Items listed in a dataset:
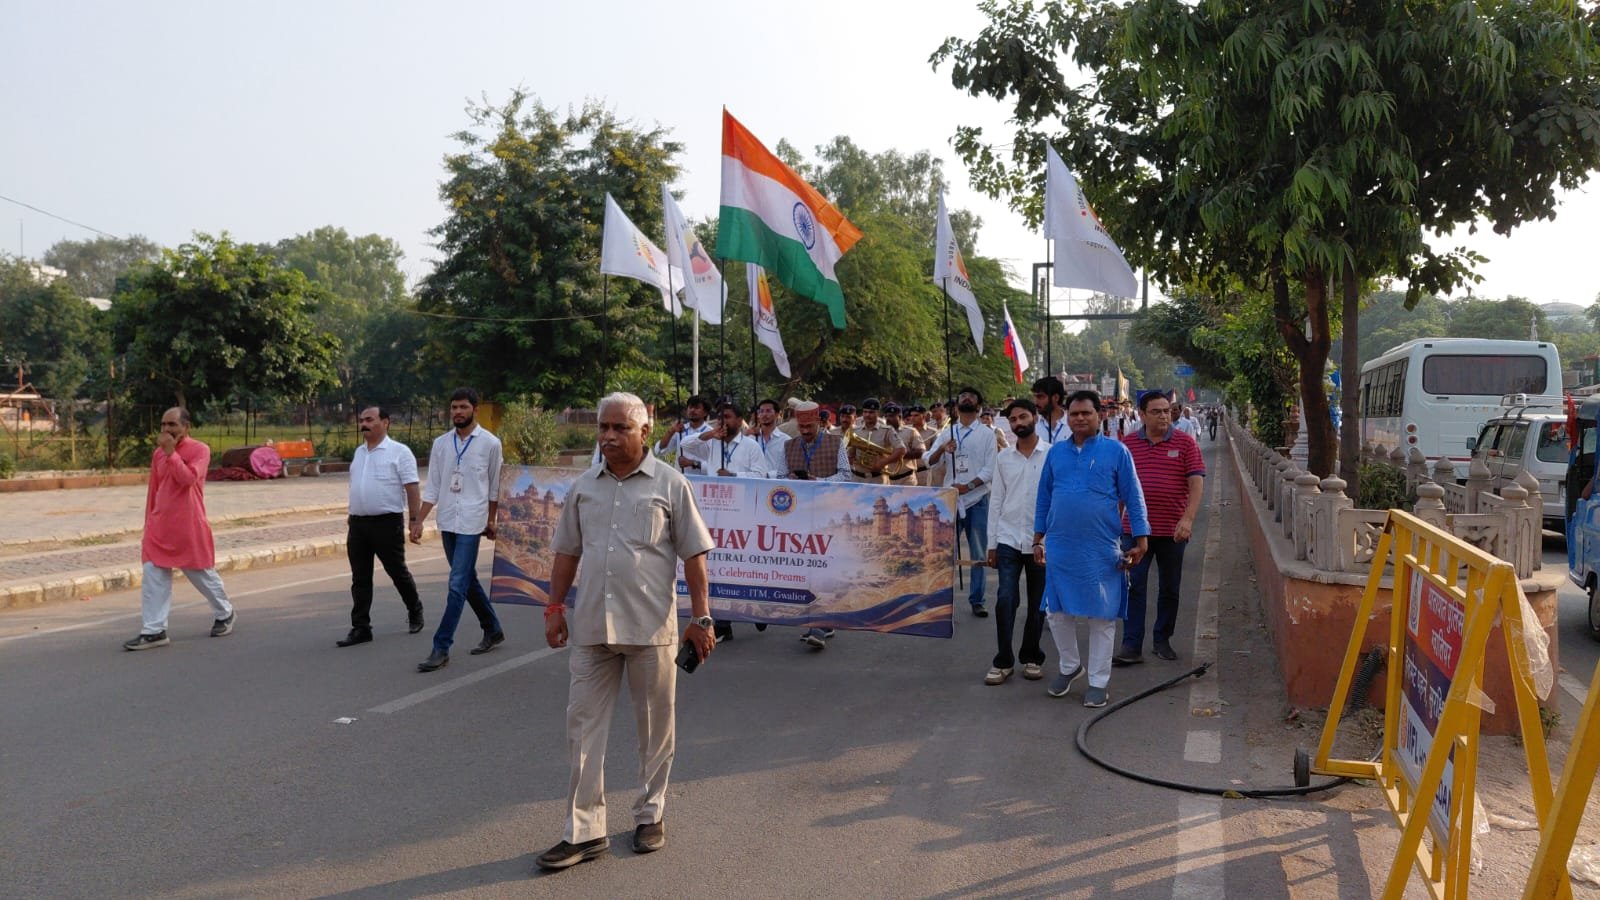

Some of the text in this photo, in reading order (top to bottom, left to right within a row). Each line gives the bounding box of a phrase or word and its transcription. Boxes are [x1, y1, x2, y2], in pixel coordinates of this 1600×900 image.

[703, 484, 735, 499] ITM
[708, 524, 833, 555] HAV UTSAV
[706, 551, 828, 569] LTURAL OLYMPIAD 2026
[719, 566, 768, 582] Celebrating
[771, 570, 806, 583] Dreams
[716, 586, 740, 596] Venue
[773, 590, 807, 601] Gwalior
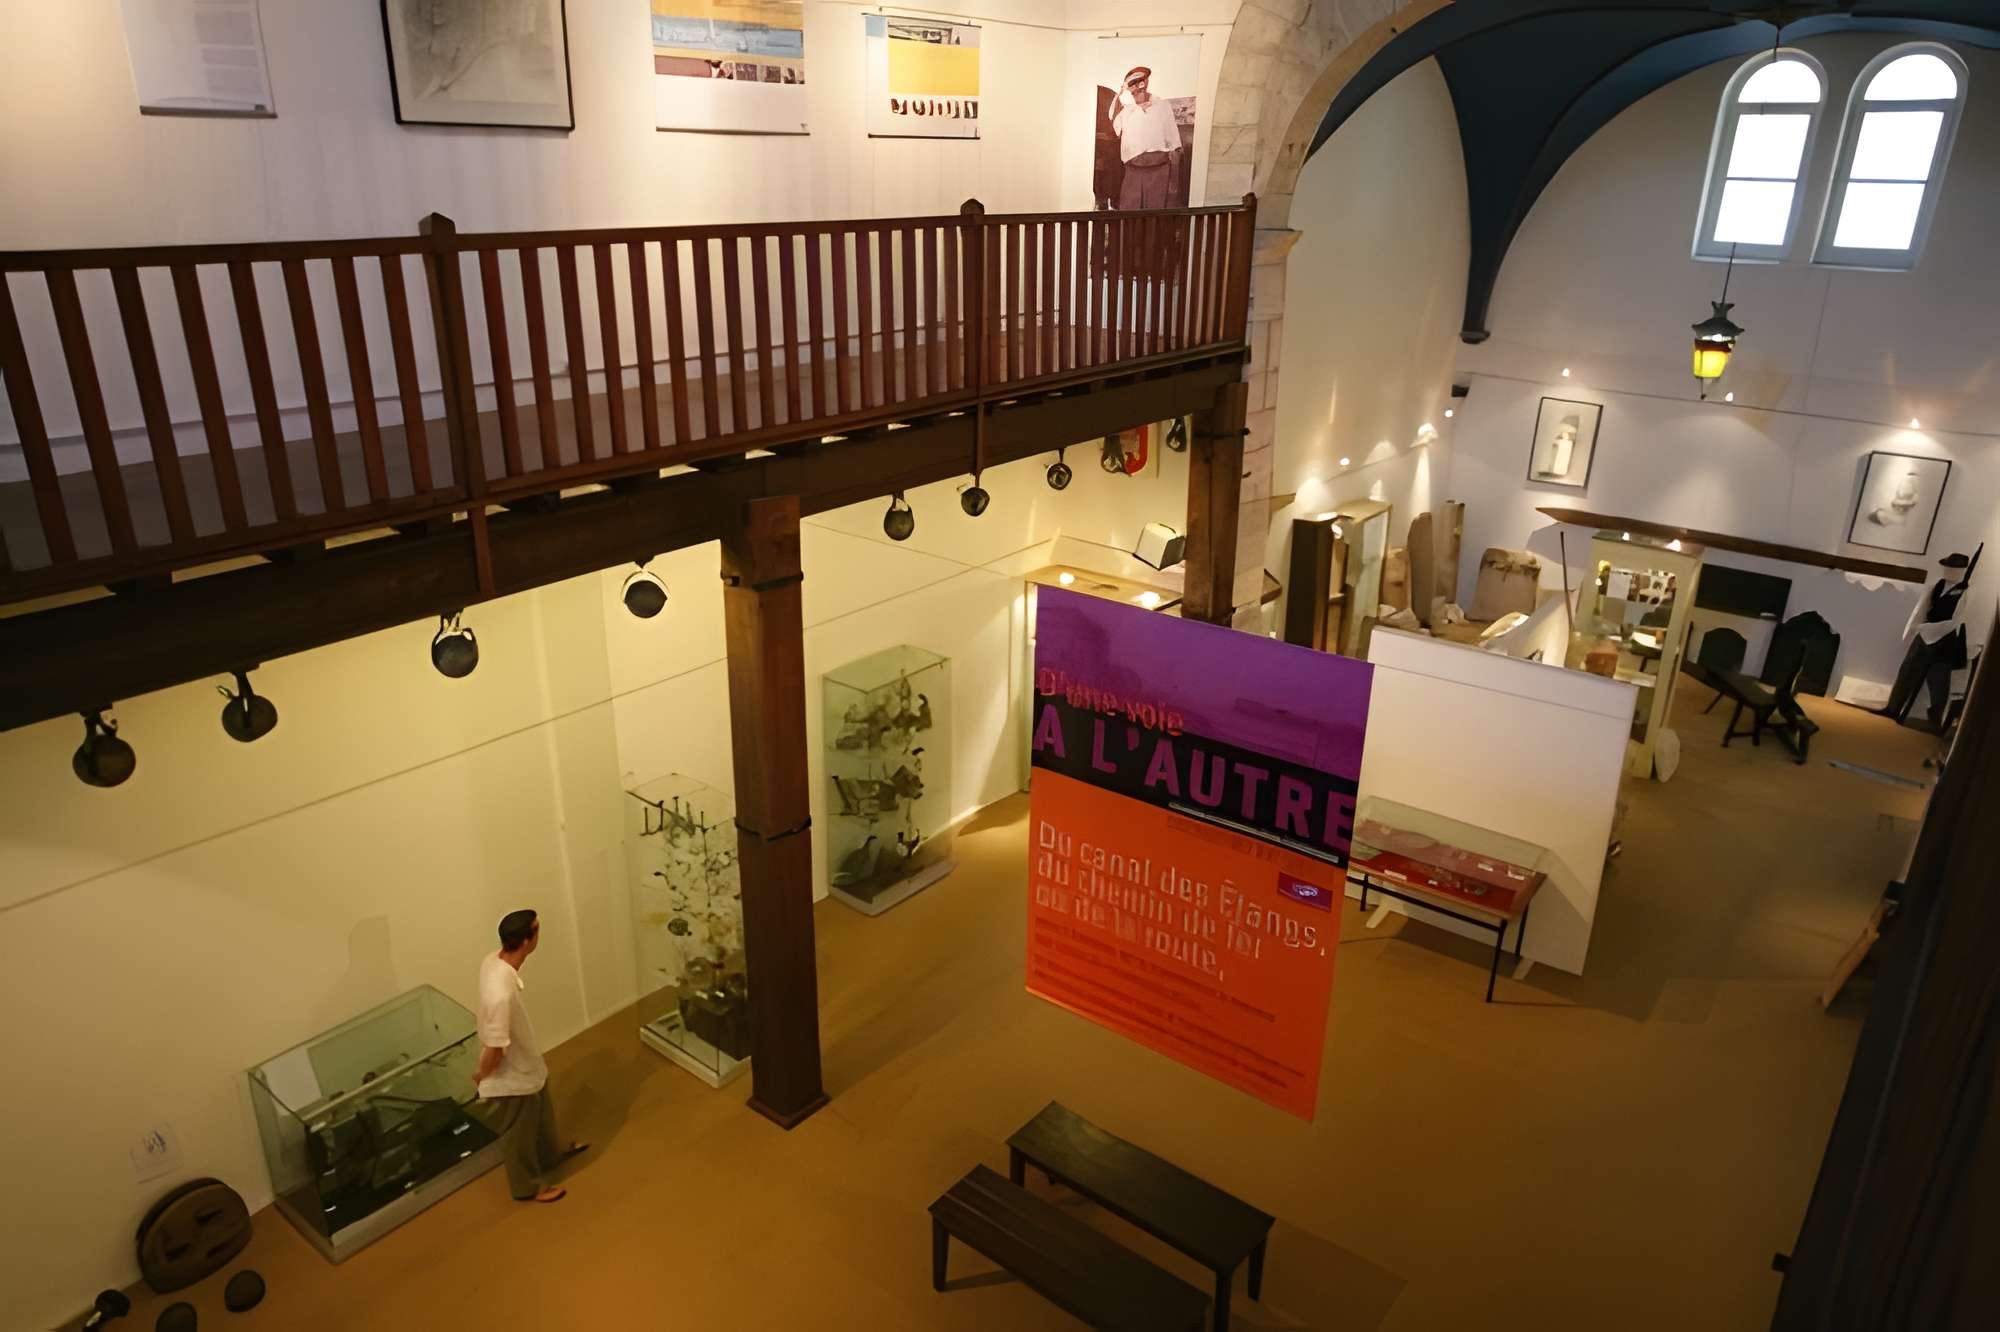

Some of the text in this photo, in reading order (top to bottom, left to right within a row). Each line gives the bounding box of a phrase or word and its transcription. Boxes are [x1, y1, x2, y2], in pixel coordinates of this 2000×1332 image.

[1033, 703, 1066, 759] A
[1092, 719, 1356, 850] L'AUTRE
[1040, 820, 1070, 858] Du
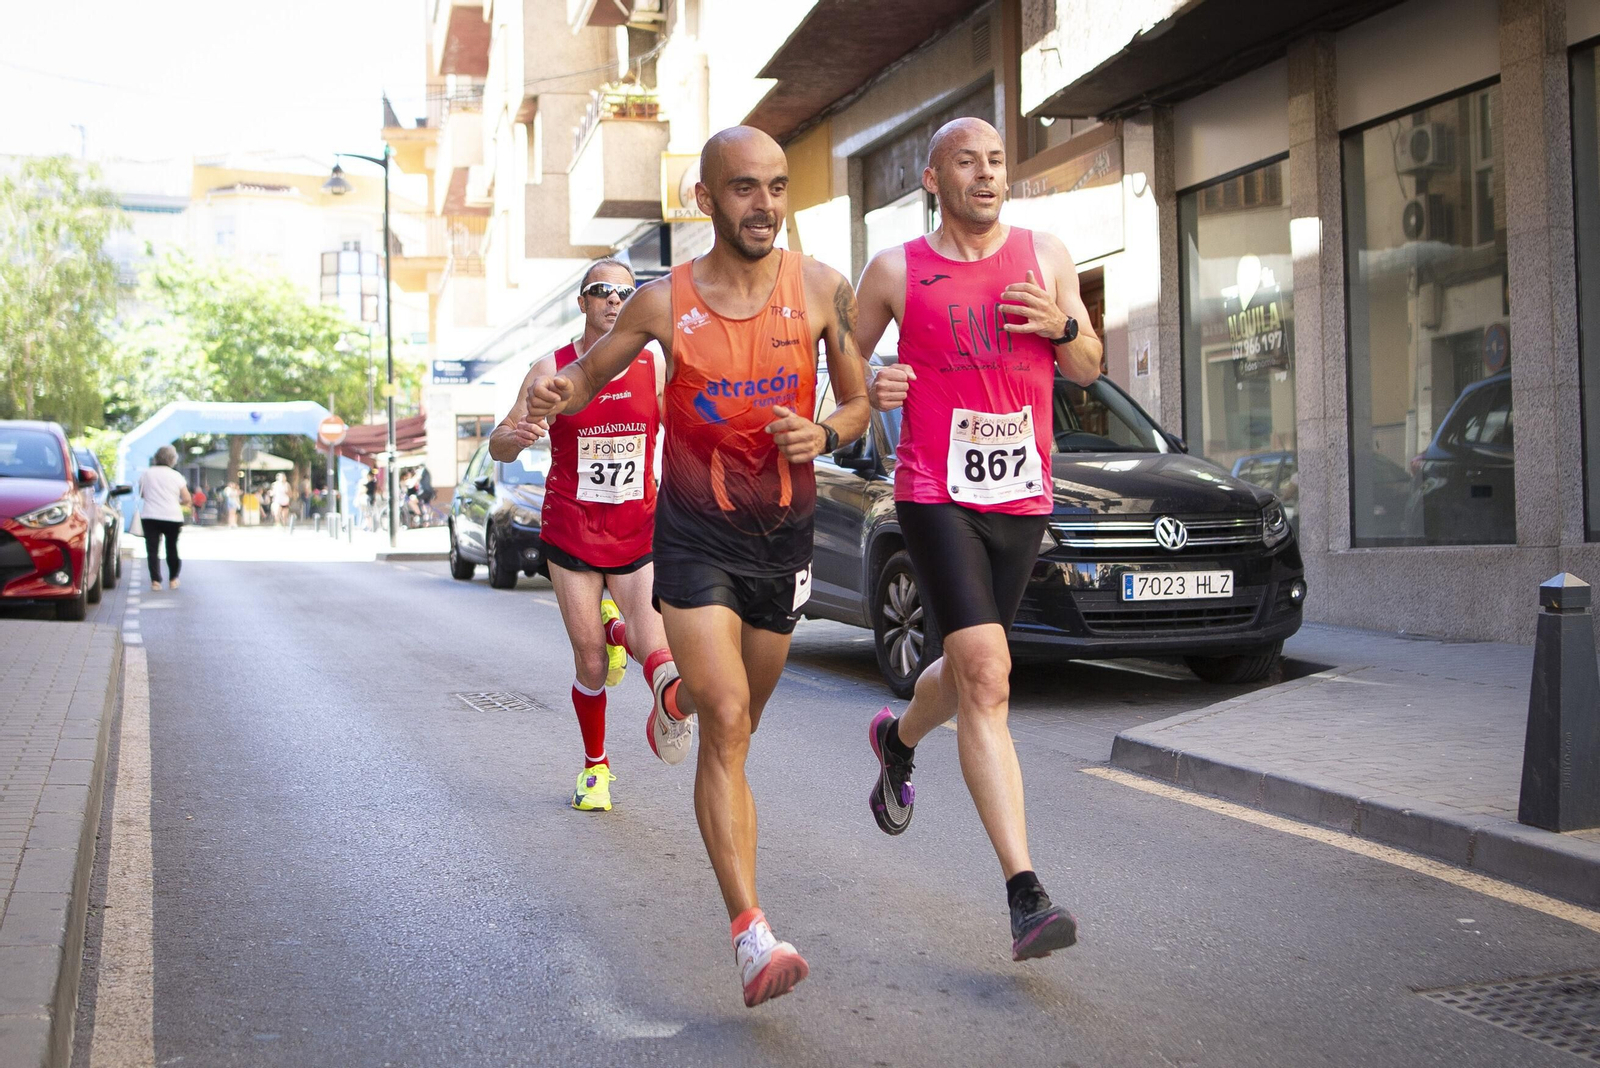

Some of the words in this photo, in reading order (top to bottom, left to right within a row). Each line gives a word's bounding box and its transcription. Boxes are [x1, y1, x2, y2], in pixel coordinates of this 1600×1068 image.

[1022, 176, 1048, 199] Bar
[770, 305, 805, 320] TRACK
[1228, 302, 1280, 340] ALQUILA
[948, 302, 1013, 357] ENA
[1243, 336, 1261, 356] 966
[1261, 330, 1282, 351] 197
[706, 366, 799, 398] atracón
[612, 390, 632, 400] rasán
[578, 422, 647, 437] WADIÁNDALUS
[595, 442, 635, 454] FONDO
[589, 461, 636, 487] 372
[964, 446, 1027, 482] 867
[1138, 577, 1186, 596] 7023
[1196, 575, 1230, 594] HLZ

What to do: Output all of the entries verbatim, leaving out any images.

Output for this exercise:
Some of the text in this photo, in reading order (top to bottom, left to right within a row). Each line gives the bounding box of a phrase or word and its transcription. Boxes are [x1, y1, x2, y2], in pixel coordinates of this 1600×900 image.

[703, 484, 735, 499] ITM
[708, 524, 833, 555] HAV UTSAV
[706, 551, 828, 569] LTURAL OLYMPIAD 2026
[719, 566, 768, 582] Celebrating
[771, 570, 806, 583] Dreams
[716, 586, 740, 596] Venue
[773, 590, 807, 601] Gwalior

Some of the text in this photo, in reading order (top to bottom, left to right within a row). Each line gives the bounding box of a phrase or word and its transcription. Boxes are [x1, y1, x2, y2], in pixel coordinates of this 2000×1332 image.

[1033, 703, 1066, 759] A
[1092, 719, 1356, 850] L'AUTRE
[1040, 820, 1070, 858] Du

Some of the words in this photo, in reading order (top to bottom, left to right within a row). Each line gives a word's bounding box and its transcription. Boxes are [x1, y1, x2, y2], in pixel coordinates of this 1600×1068 image.

[1022, 176, 1048, 199] Bar
[770, 305, 805, 320] TRACK
[1228, 302, 1280, 340] ALQUILA
[948, 302, 1013, 357] ENA
[1243, 336, 1261, 356] 966
[1261, 330, 1282, 351] 197
[706, 366, 799, 398] atracón
[612, 390, 632, 400] rasán
[578, 422, 647, 437] WADIÁNDALUS
[595, 442, 635, 454] FONDO
[589, 461, 636, 487] 372
[964, 446, 1027, 482] 867
[1138, 577, 1186, 596] 7023
[1196, 575, 1230, 594] HLZ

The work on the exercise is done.